**Work order**
The records below must be transcribed exactly, with each picture left out.

**Data for review**
- Opening Delimiter -

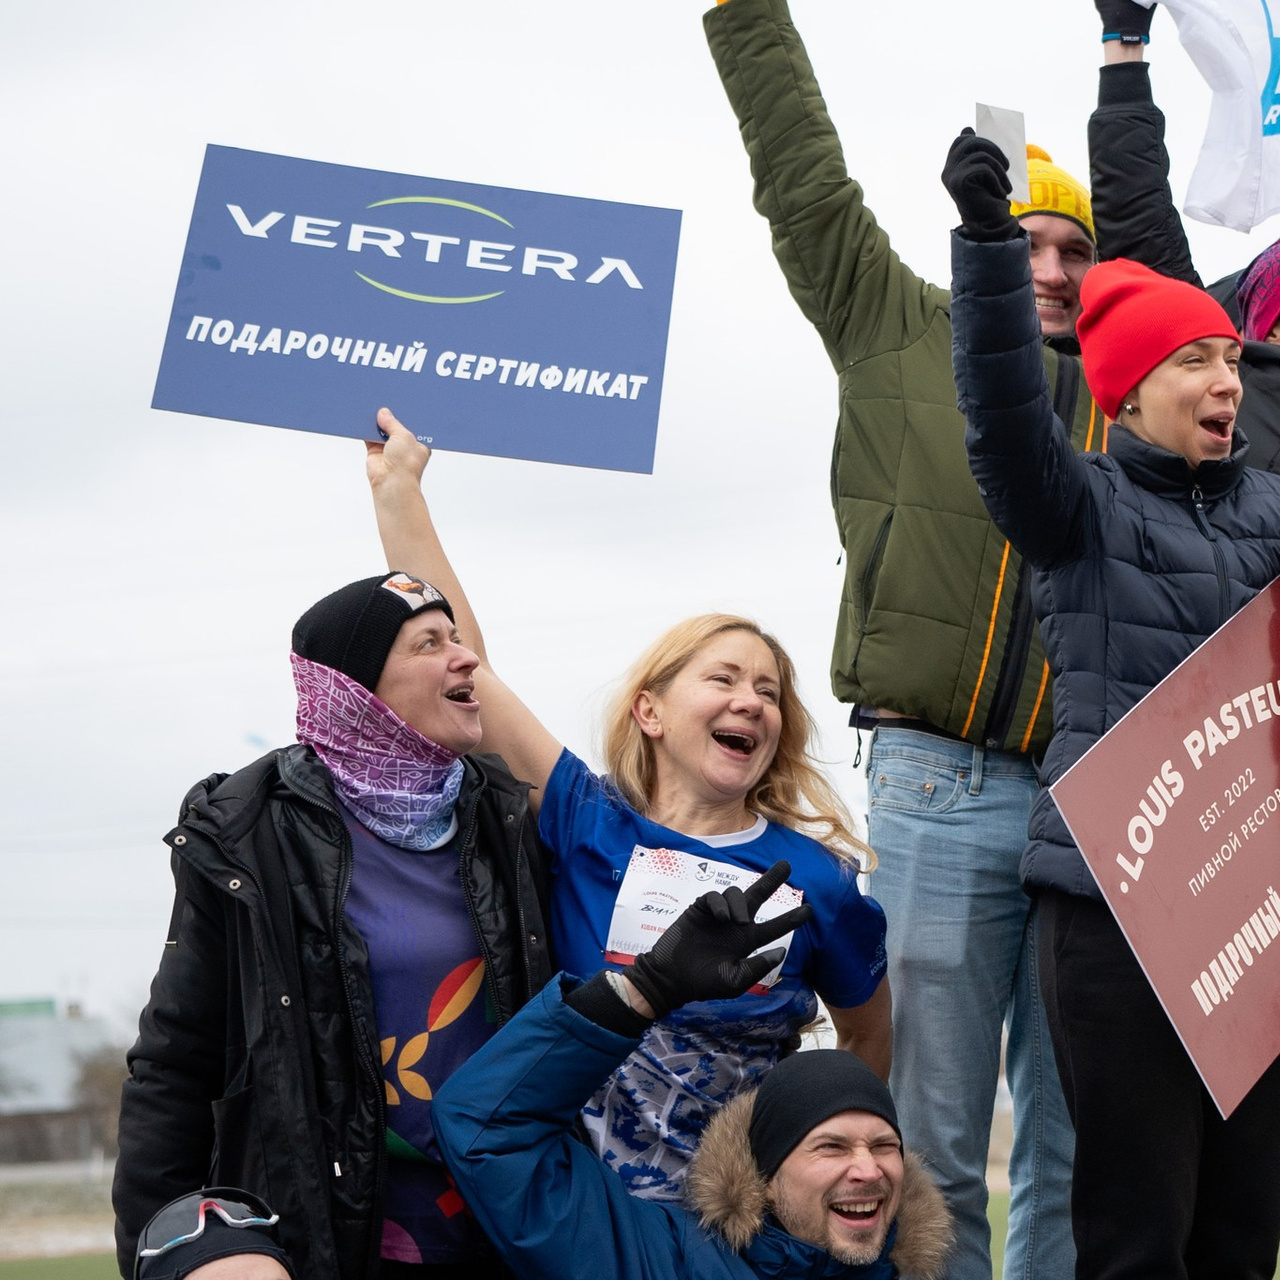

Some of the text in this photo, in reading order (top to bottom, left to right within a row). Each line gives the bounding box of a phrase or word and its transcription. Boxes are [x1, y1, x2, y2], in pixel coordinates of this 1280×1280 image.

[226, 204, 644, 289] VERTERA
[185, 315, 649, 401] ПОДАРОЧНЫЙ СЕРТИФИКАТ
[1115, 759, 1186, 883] LOUIS
[1198, 767, 1257, 834] EST. 2022
[1188, 834, 1242, 897] ПИВНОЙ

- Closing Delimiter -

**Answer section**
Some of the text in this photo, in reading order (top to bottom, left to right within a row). Each line gives the bounding box of a phrase or word and its transcription. Boxes are [x1, y1, x2, y2], in pixel coordinates of this 1280×1280 image.

[226, 204, 644, 289] VERTERA
[185, 315, 649, 401] ПОДАРОЧНЫЙ СЕРТИФИКАТ
[1115, 759, 1186, 883] LOUIS
[1198, 767, 1257, 834] EST. 2022
[1188, 834, 1242, 897] ПИВНОЙ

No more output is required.